Almost all of the 14 DVDs made their way onto YouTube in the platform’s early years. Sadly, they have been scrubbed and are now as difficult to find as the Pat O’Brien voicemails.
I remember watching a six-man tag between Awesome, Horace Hogan and Hisakatsu Oya against Super Leather and the Headhunters and was absolutely flabbergasted at the suggestion of Awesome playing for Dan Devine. Somehow, that always sat with more as more preposterous than Awesome being a Green Beret.
Other backstories assigned to the wrestlers: Horace Hogan went by the nickname “The CPA,” and portrayed are reformed money-laundering accountant for the mob. Picture Jason Bateman’s character in Ozarks only he’s 6-foot-6 and about 280 pounds with a shaved head.
The heel team, meanwhile, featured three mob assassins.
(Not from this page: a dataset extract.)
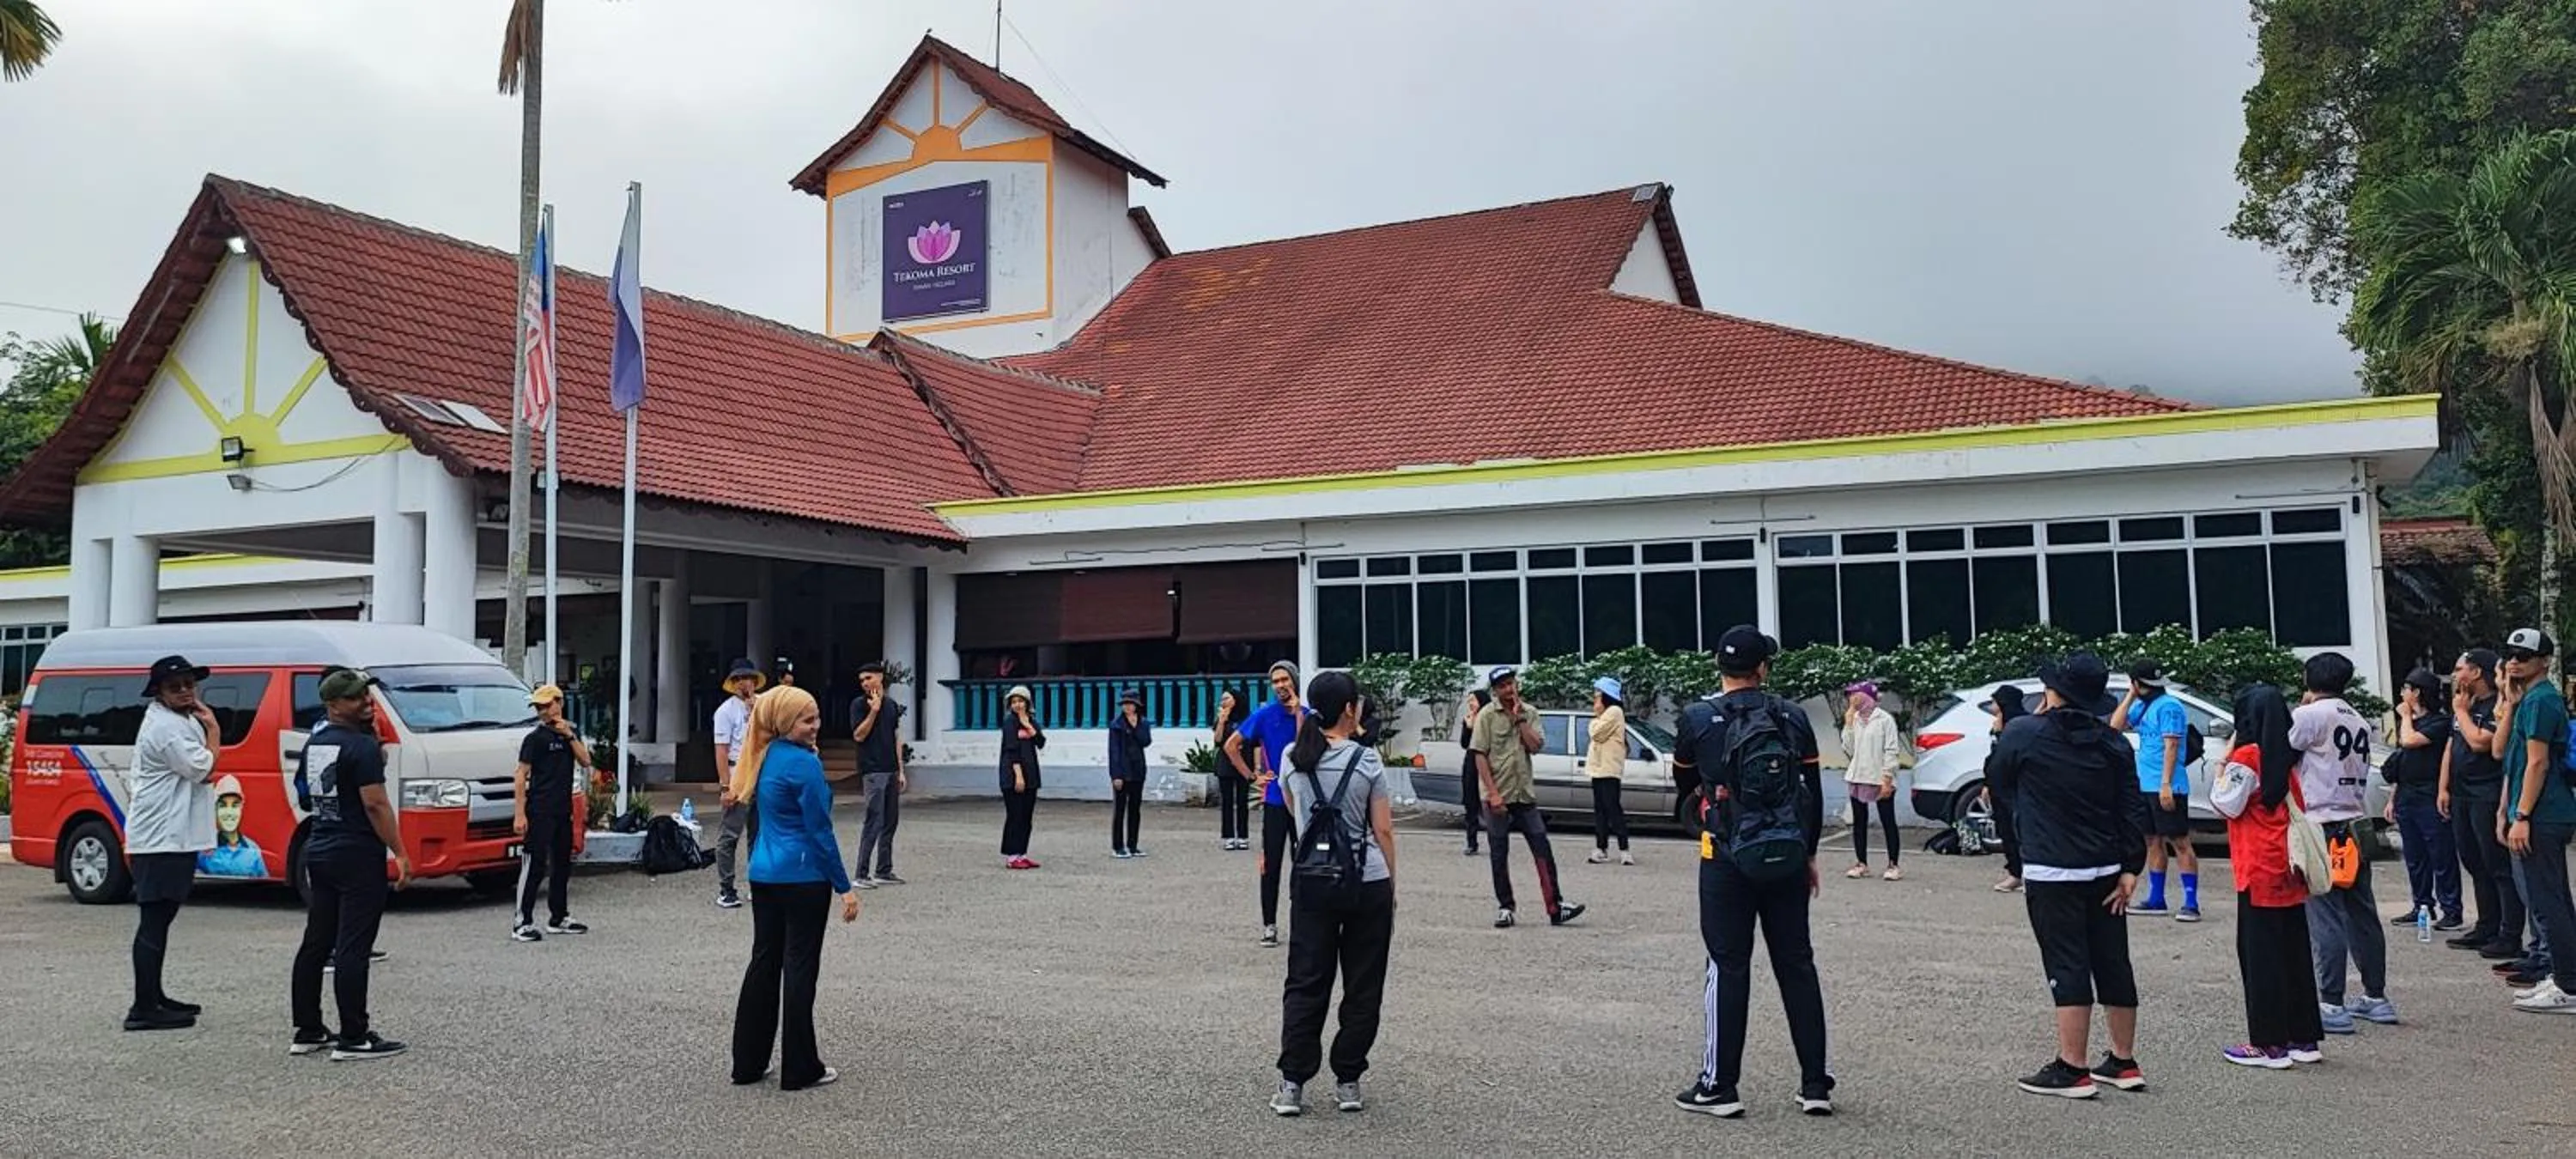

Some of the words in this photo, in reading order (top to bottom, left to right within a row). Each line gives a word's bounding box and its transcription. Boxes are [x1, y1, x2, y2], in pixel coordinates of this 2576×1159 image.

[893, 269, 934, 282] TEKOMA
[937, 262, 976, 276] RESORT
[2333, 725, 2370, 762] 94
[26, 761, 62, 776] 15454
The Headhunters wrestled extensively in Mexico in the ’90s and ’00s, and had cups of coffee in both WWF and ECW. Their characters were never all that fleshed out in the States, but the name fits the gimmick in FMW — goofy as it might sound.
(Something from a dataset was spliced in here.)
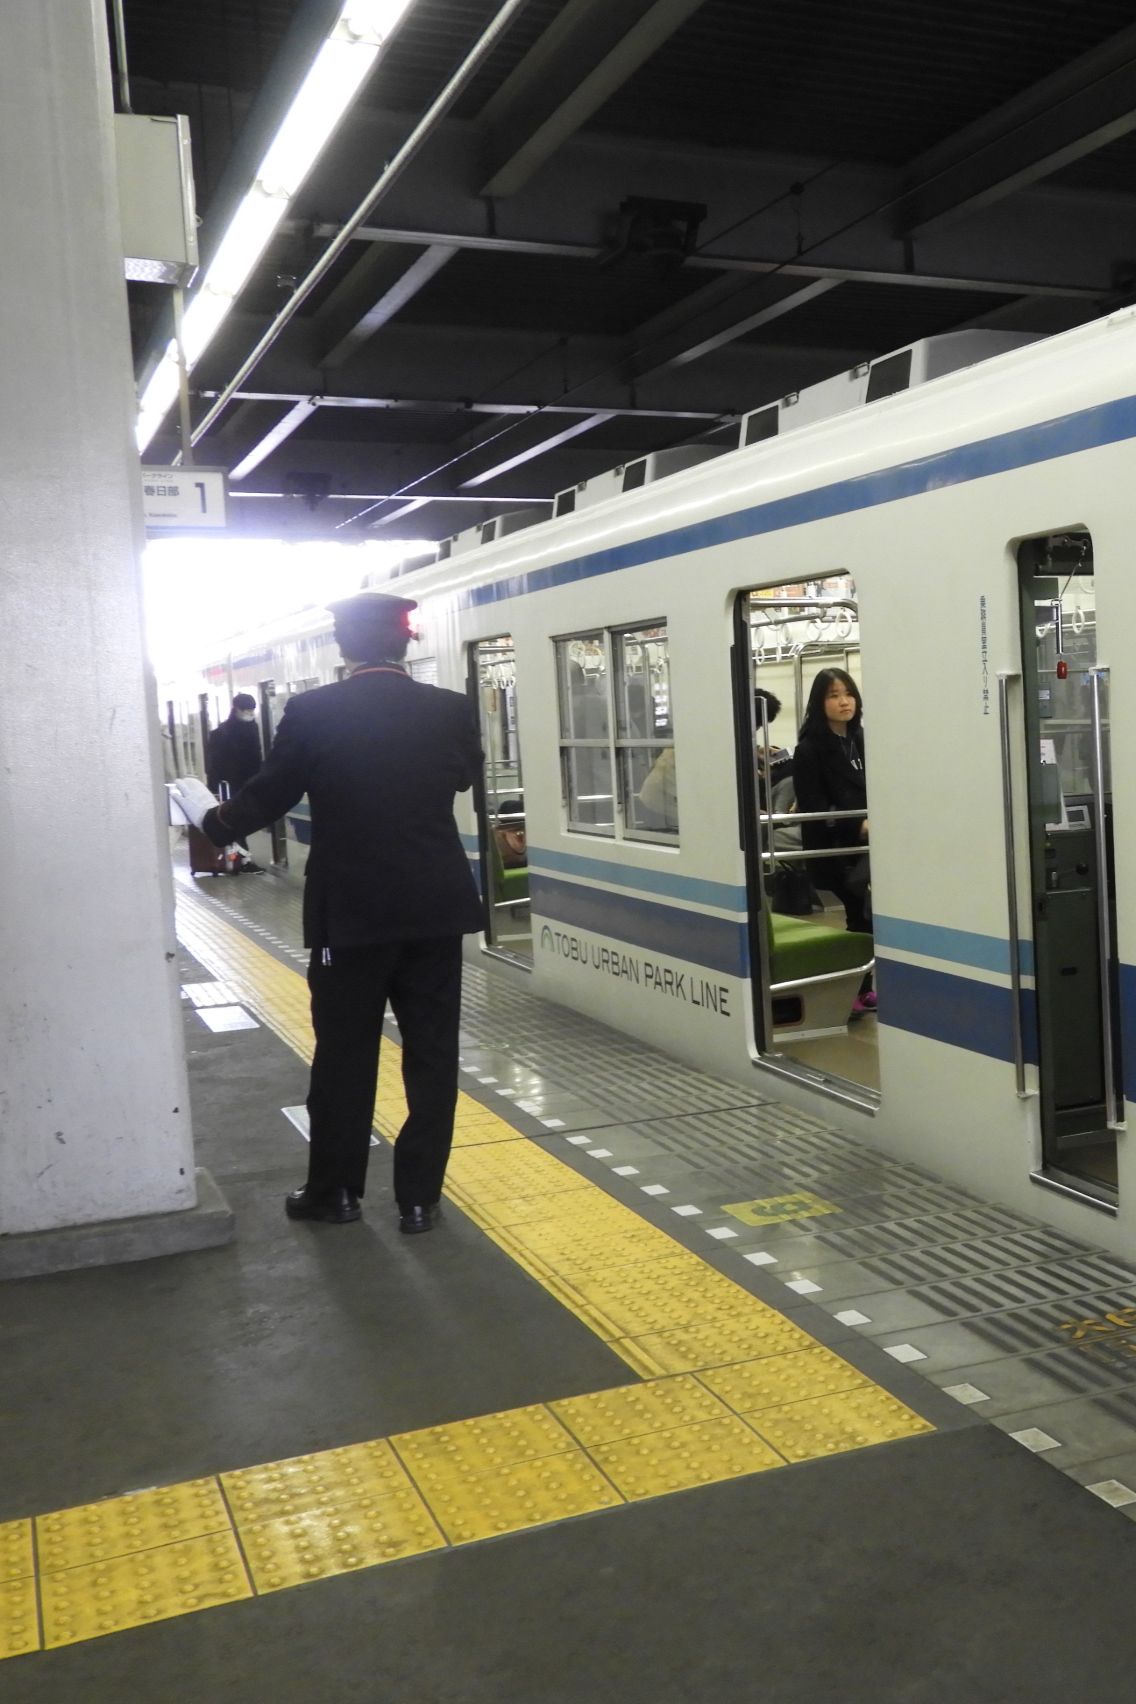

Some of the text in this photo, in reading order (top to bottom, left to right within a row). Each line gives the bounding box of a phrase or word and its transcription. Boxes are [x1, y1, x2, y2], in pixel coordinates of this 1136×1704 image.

[194, 482, 207, 514] 1
[554, 932, 731, 1017] TOBU URBAN PARK LINE
Ditto Super Leather, re-dubbed from Leatherface for copyright purposes. Michael Kirchner, who worked under the military gimmick of Corporal Kirchner during the WWF’s national expansion of the mid-’80s, wrestled as Leatherface. The backstory: Working as a mafia enforcer, Super Leather/Leatherface would wear the skins of his victims.
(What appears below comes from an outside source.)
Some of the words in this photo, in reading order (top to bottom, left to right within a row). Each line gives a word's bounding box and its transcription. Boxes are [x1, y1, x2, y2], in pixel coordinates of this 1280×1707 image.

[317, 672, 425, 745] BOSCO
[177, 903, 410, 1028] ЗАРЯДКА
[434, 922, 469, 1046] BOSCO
Now, these are utterly preposterous storylines, but more or less correctly interpreted. Puerto Rican promoter Victor Quinones led a foreign mob stable in FMW that included the Puerto Rican Headhunters, Awesome and CPA before their defections, and Terry Funk.
Yes, Terry Funk.
Funk wrestled some of the more prominent matches featured on the Tokyopop releases, though not the following Barbed Wire Match against FMW legend Atsushi Onita.
The storylines and backstories are strange enough on their own when presented in the context of Tokyopop’s dubs. However, the English commentary team Tokyopop used often presented these stories in a deadpan, tongue-in-cheek tone so similar to Kenny Blankenship and Vic Romano of the early 2000s English-dubbed Japanese gameshow Most Extreme Elimination Challenge, I once Googled to see if it they used the same voice actors.
No dice, but the style and voices were similar enough I wouldn’t have been surprised otherwise.
The Tokyopop FMW DVDs are still in circulation through outlets like eBay, and honestly, are not much more expensive than the price-gouging rates Suncoast charged circa 2001. They are worth a look if only for the sheer weirdness.